An alleged terrorist with ties to al Qaeda is arrested overseas. Any American phone numbers he has on him or stored in his cell phone or laptop are turned over to the NSA. Under wartime powers approved by the president, the NSA immediately begins listening in on any international calls made to or from that number, without going through the standard legal procedure of first obtaining a court order to establish a probable cause that the person using the phone is part of the al Qaeda network, Martin explains.

The NSA also runs that same captured phone number through its database of phone records to determine all the calls made to and from that number inside the United States, again without having to obtain a court order. However, even under wartime powers, the NSA is still prohibited from actually listening to calls made within the United States; if a suspicious pattern emerges, it would have to get a court order before eavesdropping, reports Martin.

USA Today reported Thursday that the NSA was building a database with the help of three major U.S. telephone companies a revelation that highlights the problem of balancing American civil liberties with efforts to protect citizens from terrorist attacks.

Without specifically confirming the database effort, Mr. Bush defended the intelligence activities he has authorized, saying they are focused on al Qaeda terrorists and their affiliates. He reiterated that they are lawful and that appropriate members of Congress, both Republican and Democrat, have been briefed on the surveillance activities.

"Americans expect their government to do everything in its power under our laws and Constitution to protect them and their civil liberties," Mr. Bush said. "That is exactly what we are doing. And so far, we have been successful in preventing another attack on our soil."

The NSA is using the data to analyze calling patterns in order to detect and track suspected terrorist activity, according to information the White House provided to Sen. Wayne Allard, R-Colo. "Telephone customers' names, addresses and other personal information have not been handed over to NSA as part of this program," Allard said.

Two New Jersey public interest lawyers, however, sued Verizon Communications Inc. on Friday for $5 billion, claiming the phone carrier violated privacy laws by turning over customers' records. The lawsuit asks the court to stop Verizon from supplying the information without a warrant or consent of the subscriber.

"This is the largest and most vast intrusion of civil liberties we've ever seen in the United States," attorney Bruce Afran said.

NSA has been working with three major U.S. telephone companies — Verizon, AT&T Corp. and BellSouth Corp.

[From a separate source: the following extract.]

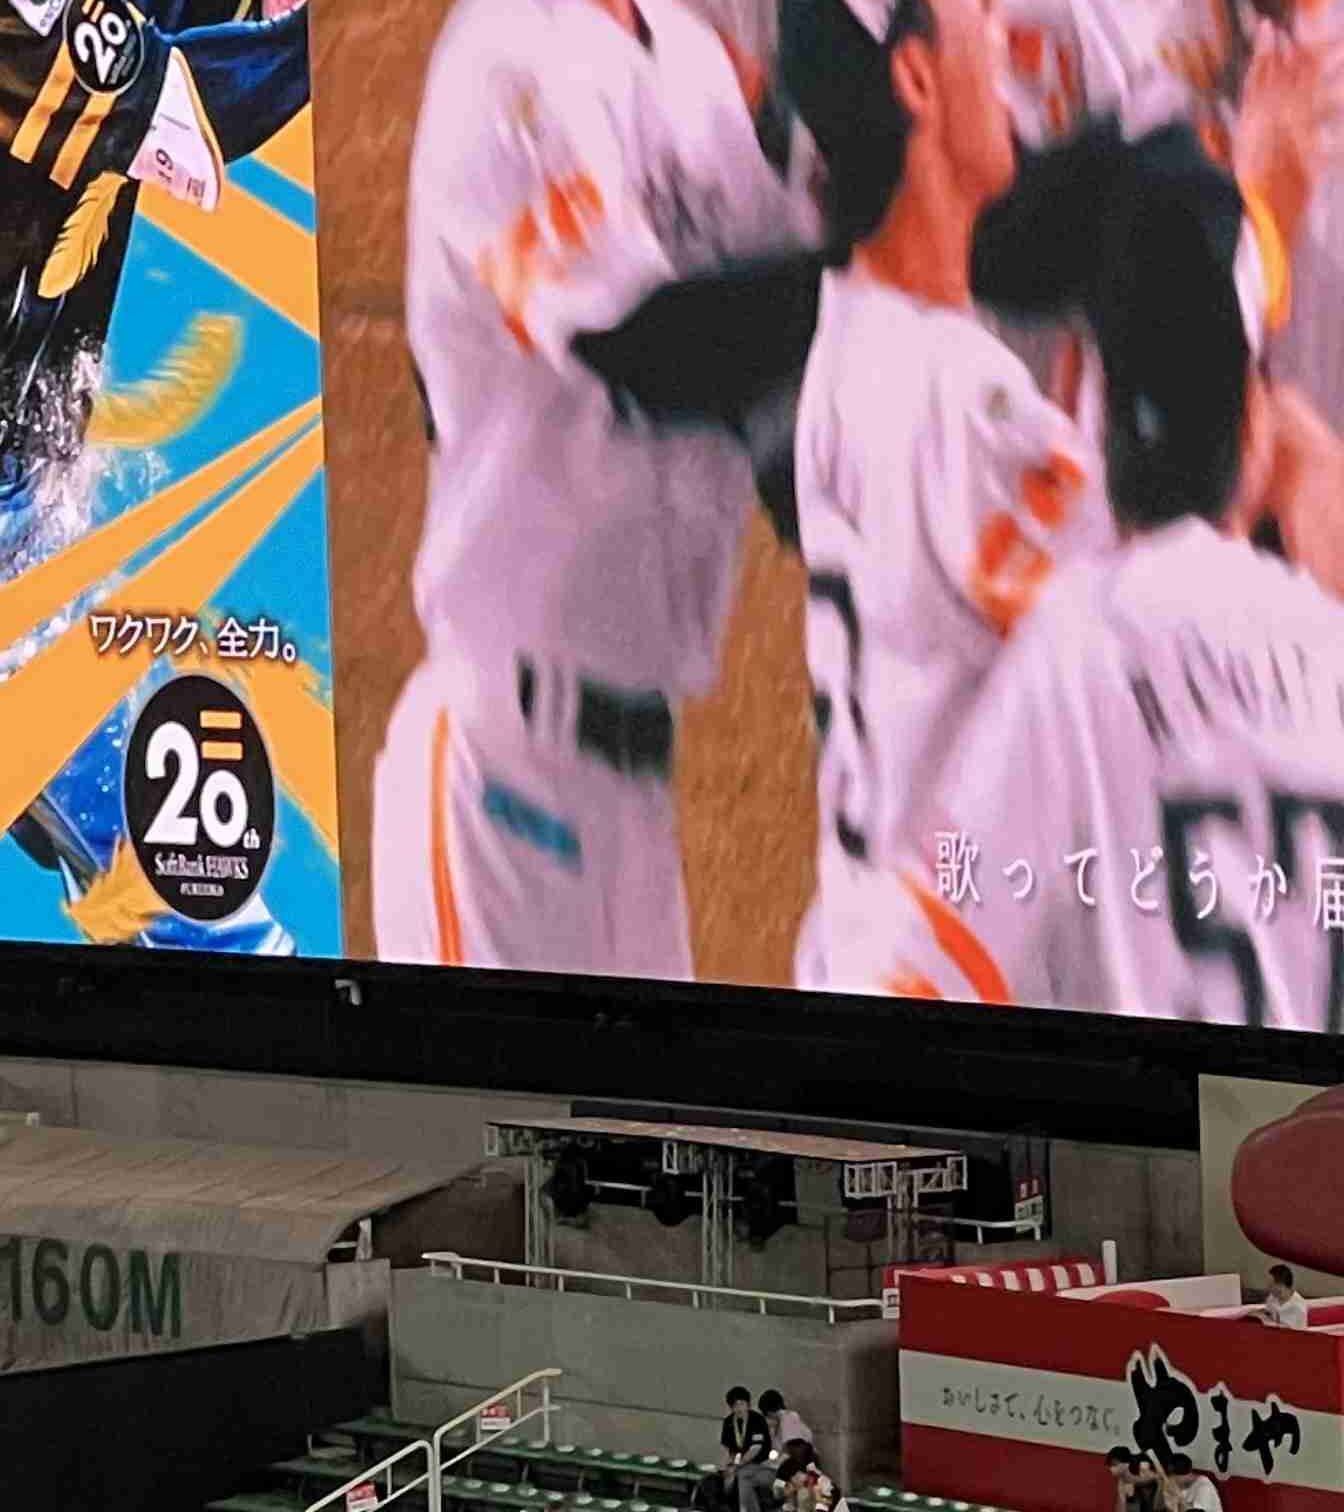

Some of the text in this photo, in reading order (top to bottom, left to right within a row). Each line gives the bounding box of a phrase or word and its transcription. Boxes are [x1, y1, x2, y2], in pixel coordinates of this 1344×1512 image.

[89, 614, 297, 663] ワクワク、全力。
[1131, 1356, 1301, 1476] やまや
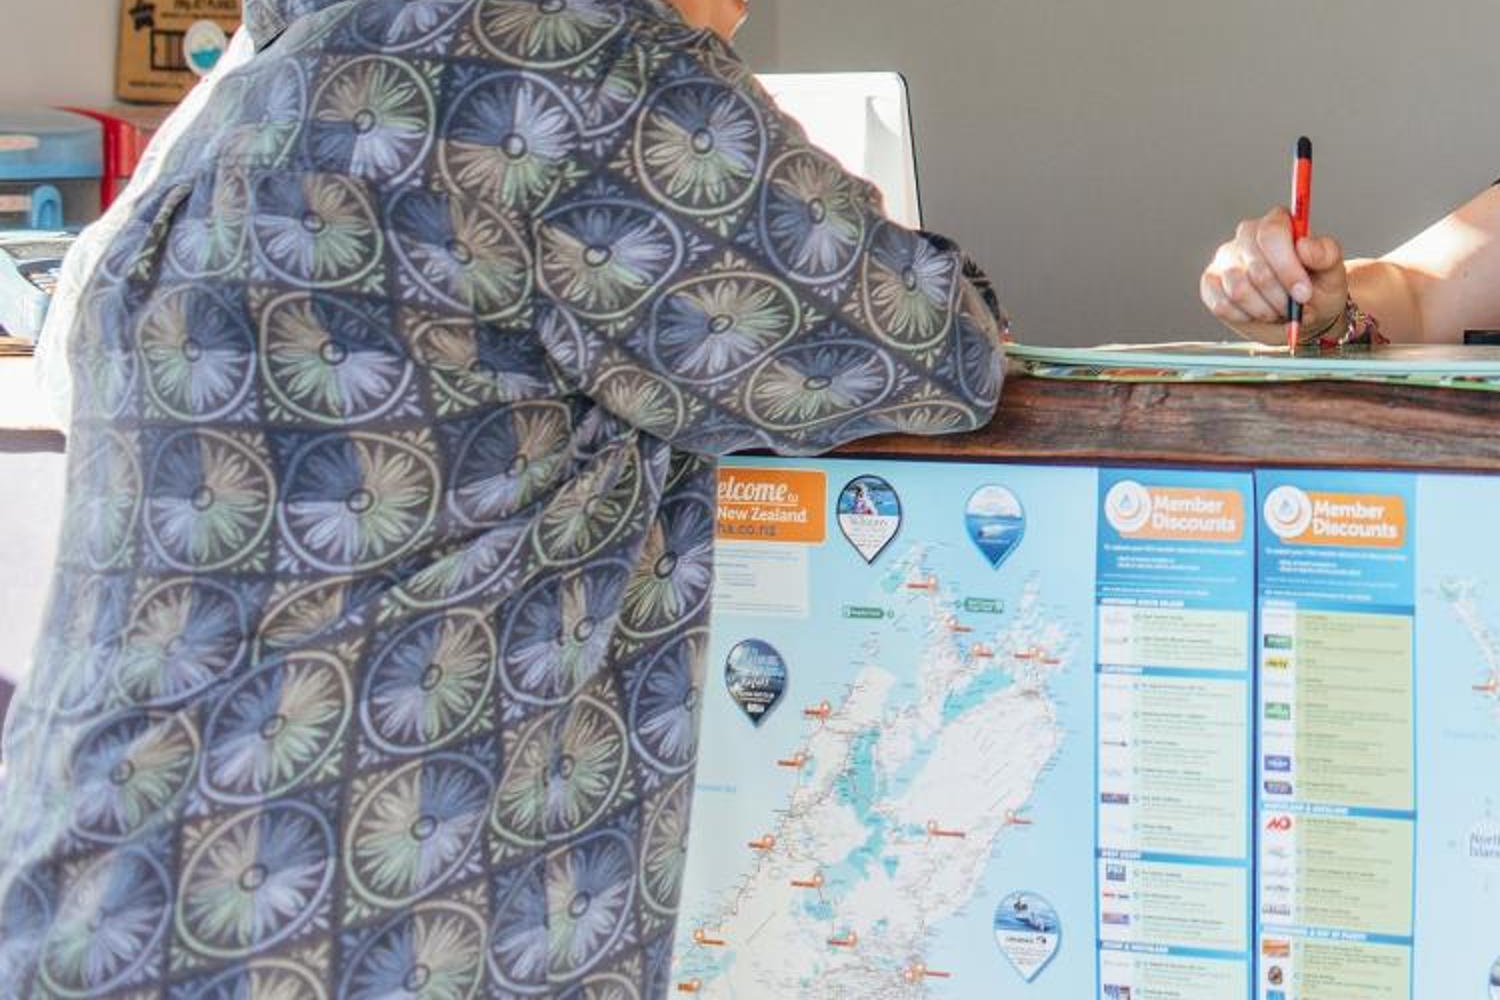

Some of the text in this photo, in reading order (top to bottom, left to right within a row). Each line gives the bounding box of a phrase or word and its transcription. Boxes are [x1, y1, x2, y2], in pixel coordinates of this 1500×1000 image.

The three complied with the request to turn over phone records shortly after the terrorist attacks on Sept. 11, 2001, according to the USA Today report.

Telecommunications giant Qwest refused to provide the government with access to telephone records of its 15 million customers after deciding the request violated privacy law, a lawyer for a former company executive said Friday.

In a written statement, the attorney for Joseph Nacchio, the former Qwest chief executive officer, said the government approached the company in the fall of 2001 seeking access to the phone records of Qwest customers, with neither a warrant nor approval from a special court established to handle surveillance matters.

"Mr. Nacchio concluded that these requests violated the privacy requirements of the Telecommunications Act," attorney Herbert J. Stern said from his Newark, N.J., office.

Nacchio told Qwest officials to refuse the NSA requests, which kept coming until Nacchio left the company in June 2002, his lawyer said.